**ENTRIES SHOWN**.
● ● ● ● ●

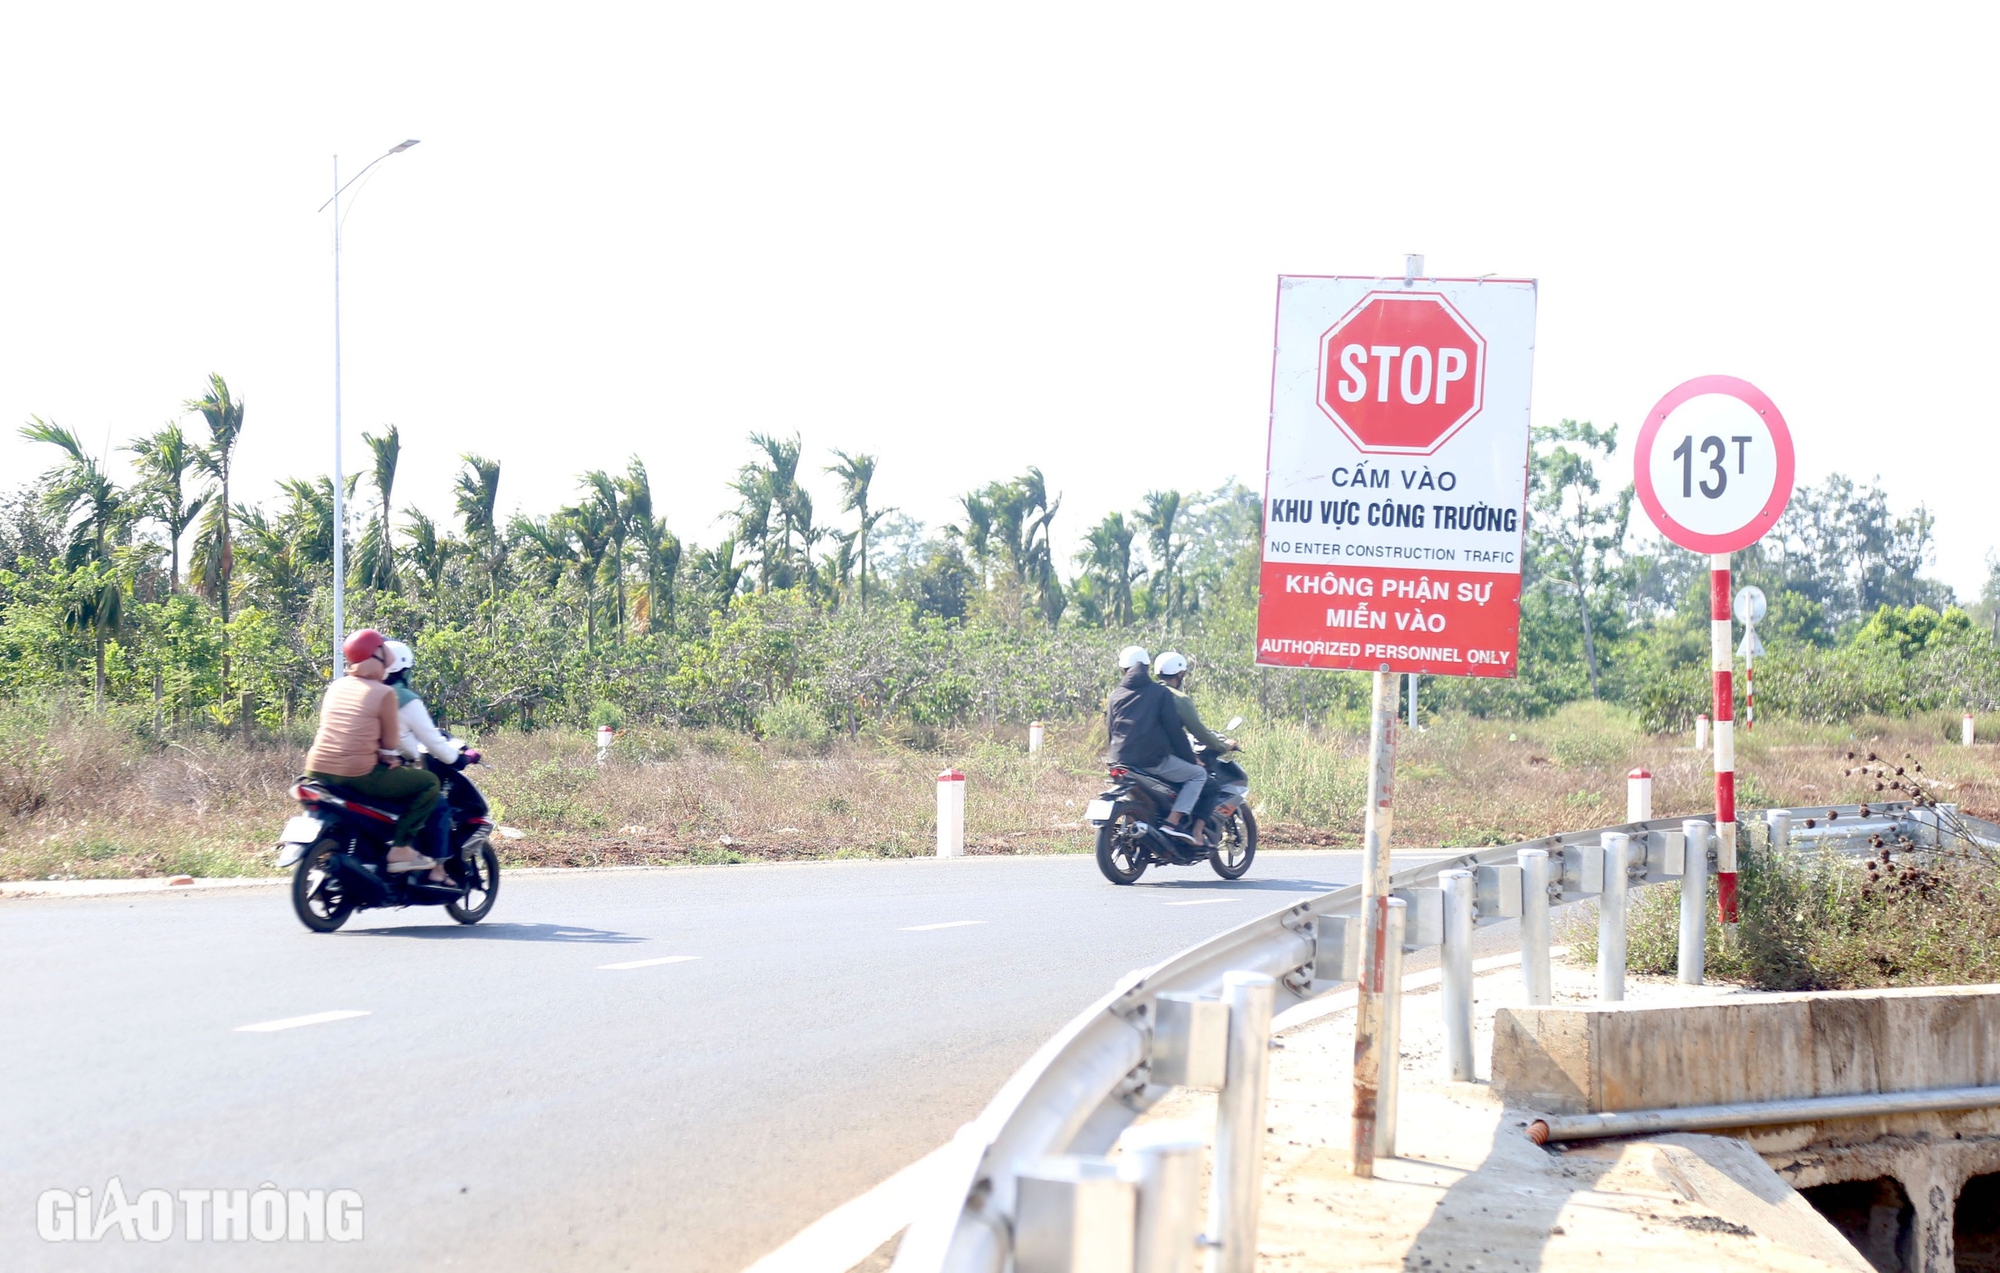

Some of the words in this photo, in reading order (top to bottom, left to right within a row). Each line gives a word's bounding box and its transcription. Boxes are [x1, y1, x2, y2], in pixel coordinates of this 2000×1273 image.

[1337, 343, 1468, 405] STOP
[1331, 460, 1390, 489] CẤM
[1400, 465, 1457, 491] VÀO
[1271, 499, 1313, 523] KHU
[1320, 499, 1360, 530] VỰC
[1367, 499, 1425, 529] CÔNG
[1433, 501, 1517, 532] TRƯỜNG
[1271, 541, 1291, 553] NO
[1295, 542, 1341, 555] ENTER
[1345, 544, 1455, 560] CONSTRUCTION
[1465, 550, 1514, 563] TRAFIC
[1285, 572, 1373, 597] KHÔNG
[1382, 576, 1449, 603] PHẬN
[1457, 581, 1493, 606] SỰ
[1326, 602, 1386, 630] MIỄN
[1394, 608, 1446, 632] VÀO
[1261, 638, 1361, 657] AUTHORIZED
[1364, 643, 1462, 663] PERSONNEL
[1467, 649, 1510, 665] ONLY
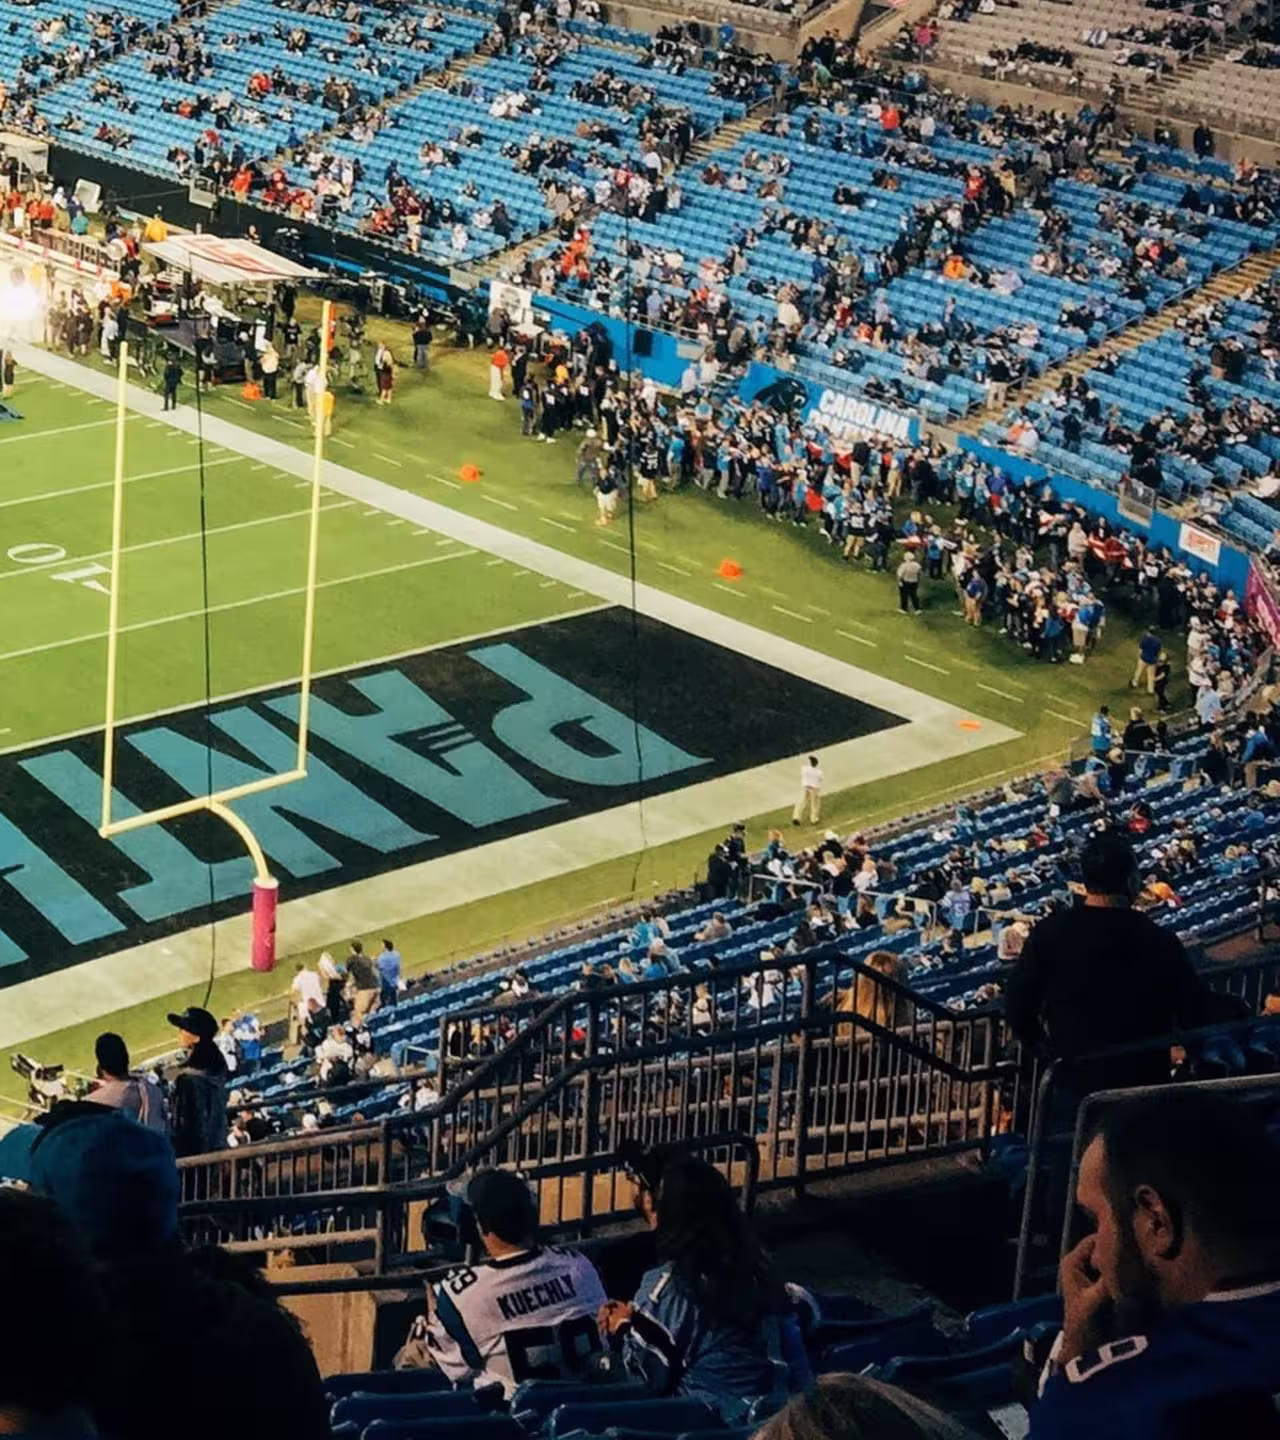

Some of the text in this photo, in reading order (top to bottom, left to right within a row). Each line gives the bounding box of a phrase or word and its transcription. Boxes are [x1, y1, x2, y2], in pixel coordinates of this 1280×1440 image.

[819, 389, 911, 442] CAROLINA
[6, 542, 113, 591] 10
[496, 1273, 576, 1320] KUECHLY

● ● ● ● ●

**WHAT YOU NEED TO DO**.
Take the line that contains "Some of the text" and every line after it in the material above. Set those lines down exactly and nothing more.

**TASK ANSWER**.
Some of the text in this photo, in reading order (top to bottom, left to right within a row). Each line gives the bounding box of a phrase or word and its transcription. Boxes are [x1, y1, x2, y2], in pixel coordinates of this 1280×1440 image.

[819, 389, 911, 442] CAROLINA
[6, 542, 113, 591] 10
[496, 1273, 576, 1320] KUECHLY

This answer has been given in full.